**Your objective**.
Copy the data that follows, character for character, minus the pictures.

☆ ☆ ☆ ☆

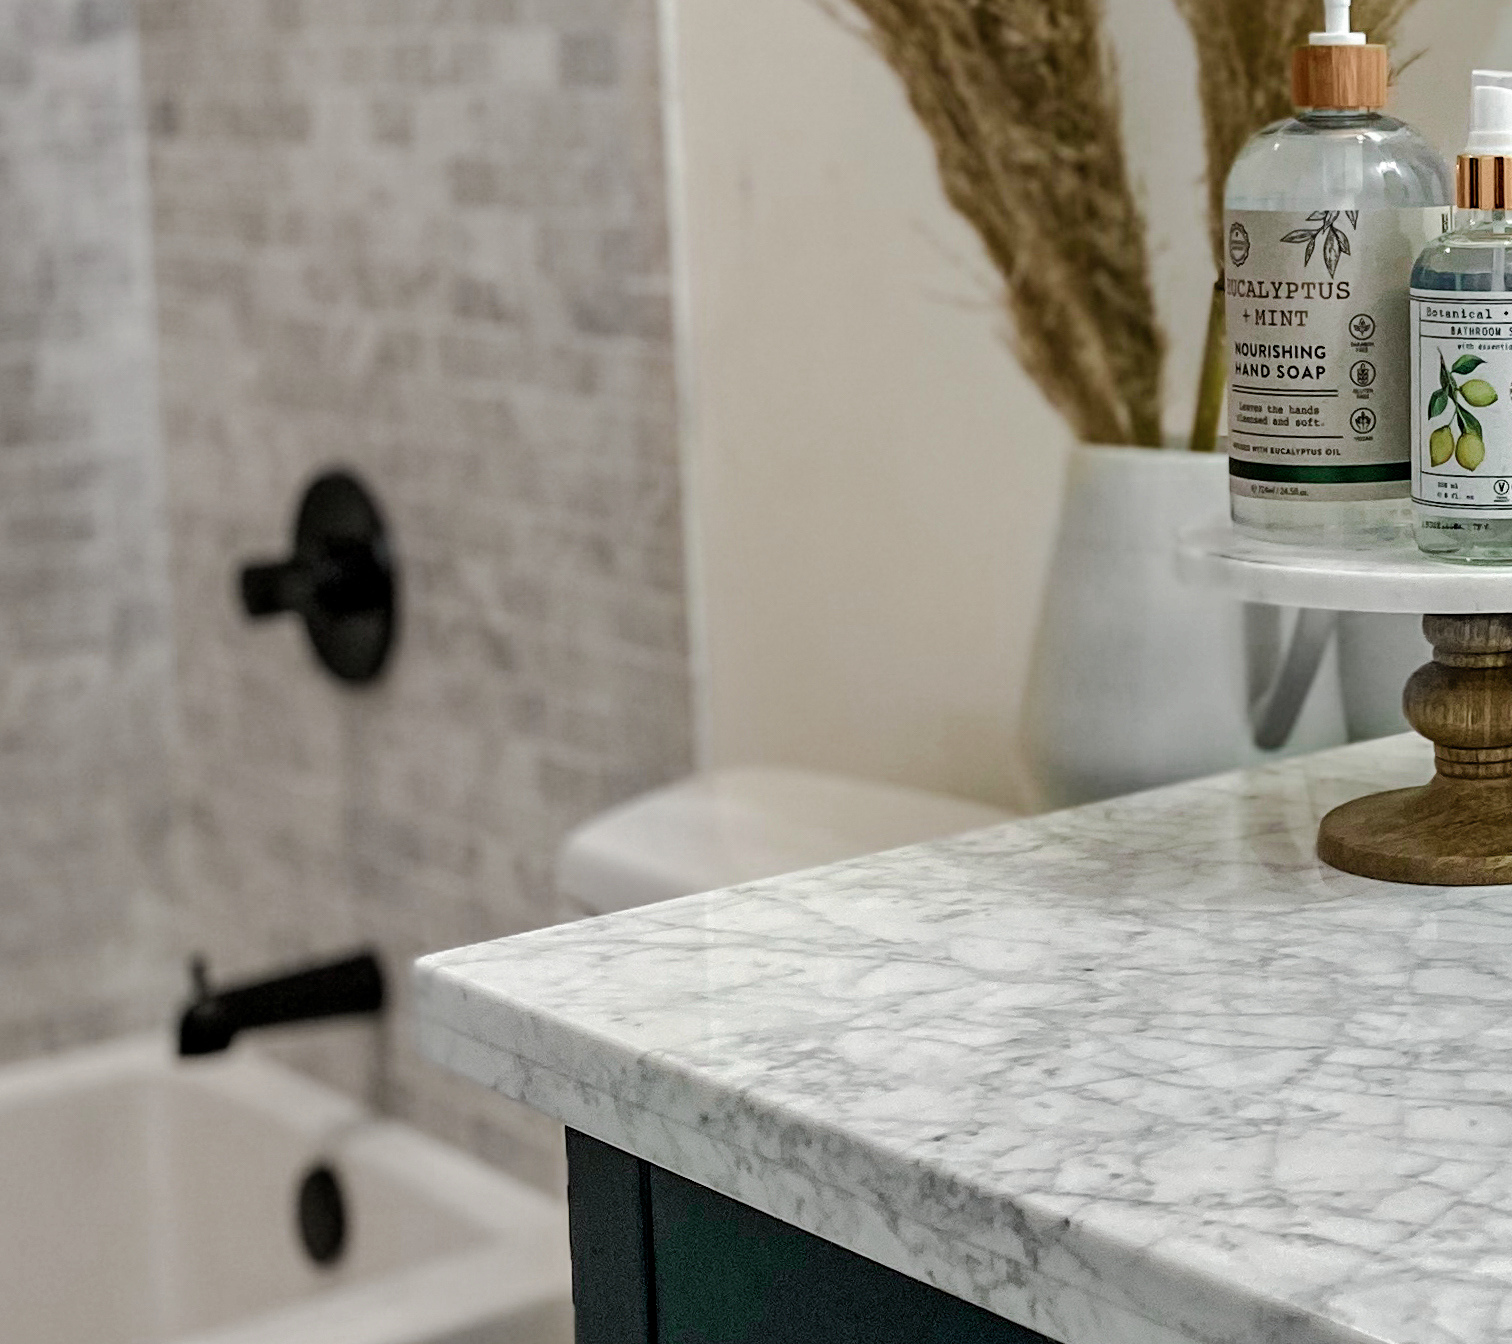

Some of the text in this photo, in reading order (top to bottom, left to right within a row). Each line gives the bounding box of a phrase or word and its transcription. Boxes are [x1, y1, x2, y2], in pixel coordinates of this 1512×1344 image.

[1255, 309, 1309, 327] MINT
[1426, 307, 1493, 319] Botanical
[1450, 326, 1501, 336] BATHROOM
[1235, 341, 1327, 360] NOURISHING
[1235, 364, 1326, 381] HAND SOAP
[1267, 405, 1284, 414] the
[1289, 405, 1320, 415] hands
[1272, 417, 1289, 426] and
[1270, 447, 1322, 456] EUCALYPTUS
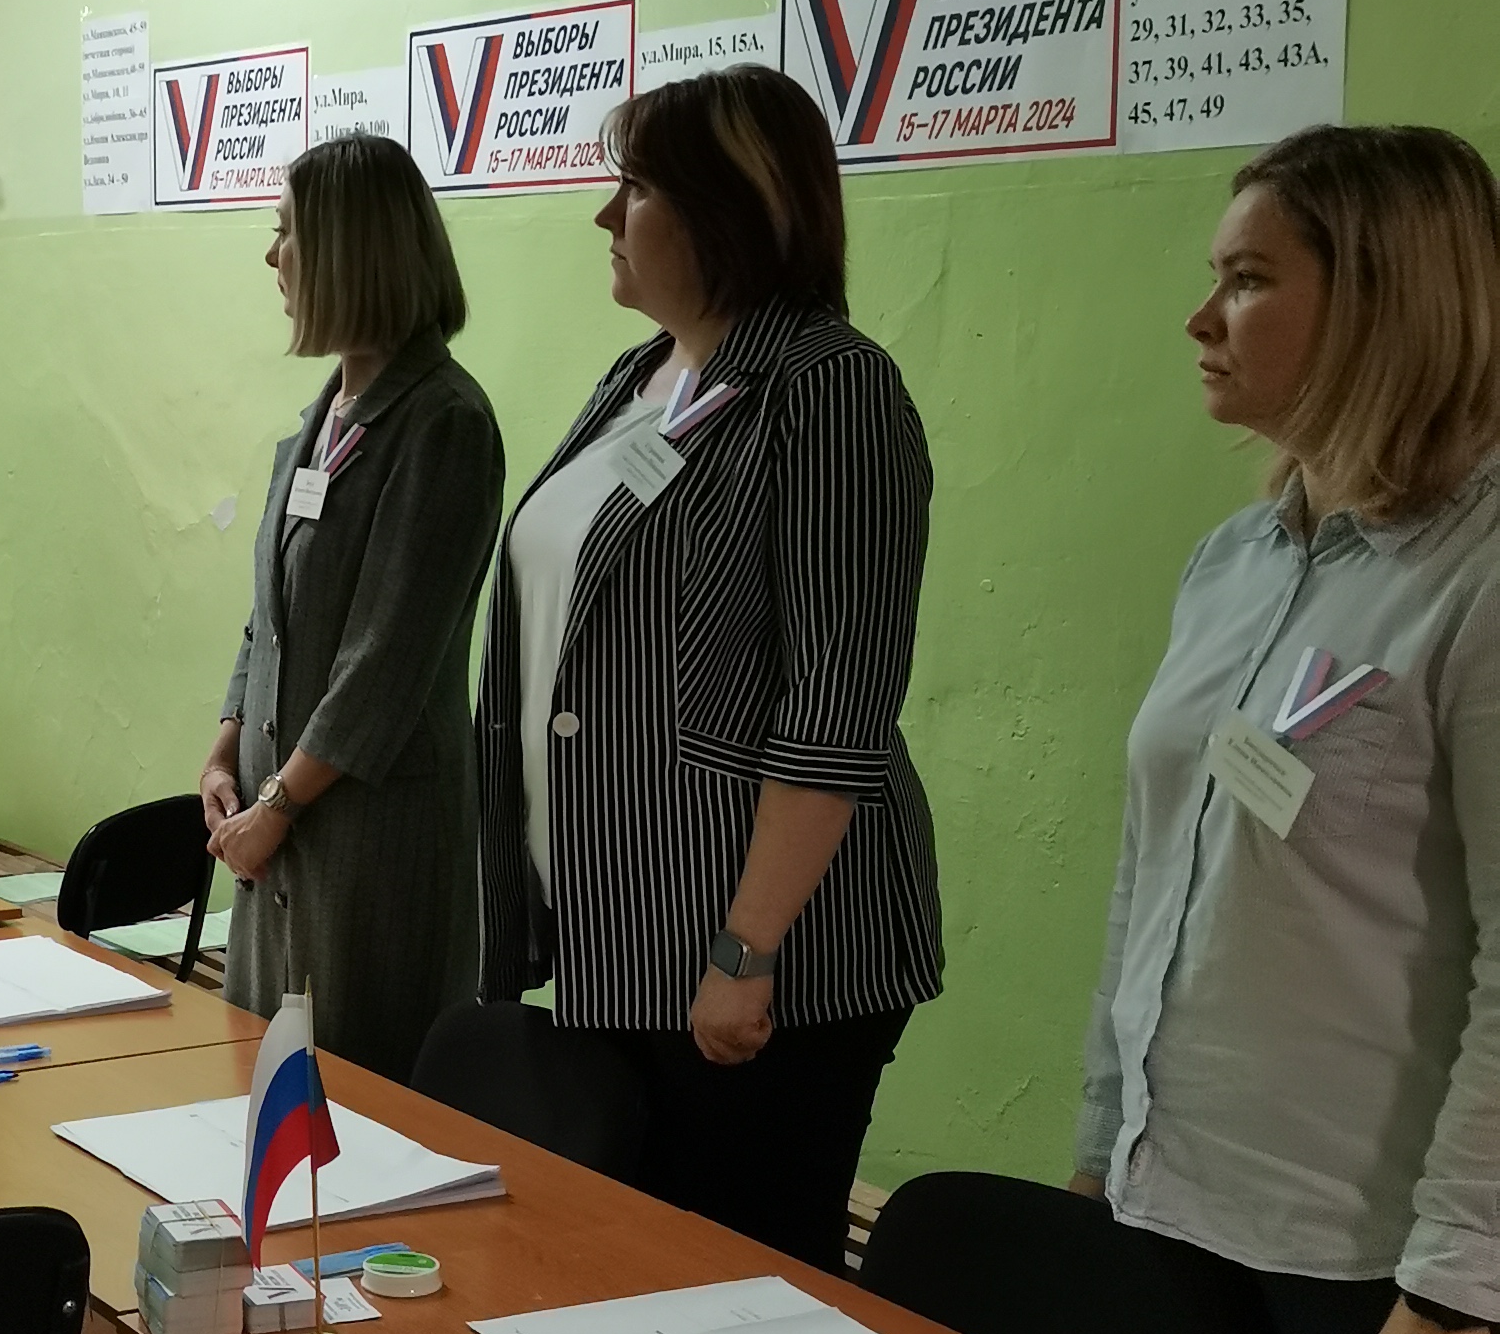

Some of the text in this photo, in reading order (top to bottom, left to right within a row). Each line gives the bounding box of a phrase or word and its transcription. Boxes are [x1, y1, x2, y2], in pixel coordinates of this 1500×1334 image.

☆ ☆ ☆ ☆

**Solved exercise**.
Some of the text in this photo, in reading order (top to bottom, left to right within a row). Each line gives the bounding box of a phrase or word and its transcription. Boxes are [x1, y1, x2, y2], in pixel coordinates of this 1512×1344 image.

[1255, 309, 1309, 327] MINT
[1426, 307, 1493, 319] Botanical
[1450, 326, 1501, 336] BATHROOM
[1235, 341, 1327, 360] NOURISHING
[1235, 364, 1326, 381] HAND SOAP
[1267, 405, 1284, 414] the
[1289, 405, 1320, 415] hands
[1272, 417, 1289, 426] and
[1270, 447, 1322, 456] EUCALYPTUS

Some of the text in this photo, in reading order (top to bottom, left to right within a row). Each line gives the bounding box of a phrase or word and its transcription. Boxes are [x1, y1, x2, y2], in pixel coordinates of this 1500×1334 image.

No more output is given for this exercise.